*** Opening of Task inputs ***
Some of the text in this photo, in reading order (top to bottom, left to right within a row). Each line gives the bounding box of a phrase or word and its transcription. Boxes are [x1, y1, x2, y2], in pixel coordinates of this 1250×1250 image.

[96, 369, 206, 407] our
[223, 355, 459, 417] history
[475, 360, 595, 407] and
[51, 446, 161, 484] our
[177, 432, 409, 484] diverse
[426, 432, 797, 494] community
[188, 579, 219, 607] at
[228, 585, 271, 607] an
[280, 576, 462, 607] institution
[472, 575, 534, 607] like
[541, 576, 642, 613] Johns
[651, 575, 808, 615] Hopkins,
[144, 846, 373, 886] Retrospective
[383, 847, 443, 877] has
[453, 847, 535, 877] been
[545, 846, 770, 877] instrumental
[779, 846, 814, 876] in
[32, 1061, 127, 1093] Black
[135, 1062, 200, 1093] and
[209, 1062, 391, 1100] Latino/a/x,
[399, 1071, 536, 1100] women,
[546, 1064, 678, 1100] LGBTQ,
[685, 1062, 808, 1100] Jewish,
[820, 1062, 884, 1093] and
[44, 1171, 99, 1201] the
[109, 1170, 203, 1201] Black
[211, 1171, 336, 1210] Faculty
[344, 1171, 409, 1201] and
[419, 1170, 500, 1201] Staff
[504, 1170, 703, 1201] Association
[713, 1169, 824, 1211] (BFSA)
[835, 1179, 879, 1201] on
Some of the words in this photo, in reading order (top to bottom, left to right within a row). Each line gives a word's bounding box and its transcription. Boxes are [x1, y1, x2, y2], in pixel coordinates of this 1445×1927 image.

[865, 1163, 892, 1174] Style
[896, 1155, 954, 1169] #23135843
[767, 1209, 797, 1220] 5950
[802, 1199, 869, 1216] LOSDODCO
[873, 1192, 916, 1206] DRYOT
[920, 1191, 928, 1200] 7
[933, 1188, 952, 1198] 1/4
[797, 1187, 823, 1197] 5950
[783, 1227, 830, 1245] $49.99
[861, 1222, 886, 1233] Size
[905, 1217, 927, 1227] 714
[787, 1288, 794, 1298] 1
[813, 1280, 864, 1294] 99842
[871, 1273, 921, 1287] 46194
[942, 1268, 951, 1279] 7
*** Close of Task inputs ***
All the entries above need to be repeated word for word.

Some of the text in this photo, in reading order (top to bottom, left to right within a row). Each line gives the bounding box of a phrase or word and its transcription. Boxes are [x1, y1, x2, y2], in pixel coordinates of this 1250×1250 image.

[96, 369, 206, 407] our
[223, 355, 459, 417] history
[475, 360, 595, 407] and
[51, 446, 161, 484] our
[177, 432, 409, 484] diverse
[426, 432, 797, 494] community
[188, 579, 219, 607] at
[228, 585, 271, 607] an
[280, 576, 462, 607] institution
[472, 575, 534, 607] like
[541, 576, 642, 613] Johns
[651, 575, 808, 615] Hopkins,
[144, 846, 373, 886] Retrospective
[383, 847, 443, 877] has
[453, 847, 535, 877] been
[545, 846, 770, 877] instrumental
[779, 846, 814, 876] in
[32, 1061, 127, 1093] Black
[135, 1062, 200, 1093] and
[209, 1062, 391, 1100] Latino/a/x,
[399, 1071, 536, 1100] women,
[546, 1064, 678, 1100] LGBTQ,
[685, 1062, 808, 1100] Jewish,
[820, 1062, 884, 1093] and
[44, 1171, 99, 1201] the
[109, 1170, 203, 1201] Black
[211, 1171, 336, 1210] Faculty
[344, 1171, 409, 1201] and
[419, 1170, 500, 1201] Staff
[504, 1170, 703, 1201] Association
[713, 1169, 824, 1211] (BFSA)
[835, 1179, 879, 1201] on
Some of the words in this photo, in reading order (top to bottom, left to right within a row). Each line gives a word's bounding box and its transcription. Boxes are [x1, y1, x2, y2], in pixel coordinates of this 1445×1927 image.

[865, 1163, 892, 1174] Style
[896, 1155, 954, 1169] #23135843
[767, 1209, 797, 1220] 5950
[802, 1199, 869, 1216] LOSDODCO
[873, 1192, 916, 1206] DRYOT
[920, 1191, 928, 1200] 7
[933, 1188, 952, 1198] 1/4
[797, 1187, 823, 1197] 5950
[783, 1227, 830, 1245] $49.99
[861, 1222, 886, 1233] Size
[905, 1217, 927, 1227] 714
[787, 1288, 794, 1298] 1
[813, 1280, 864, 1294] 99842
[871, 1273, 921, 1287] 46194
[942, 1268, 951, 1279] 7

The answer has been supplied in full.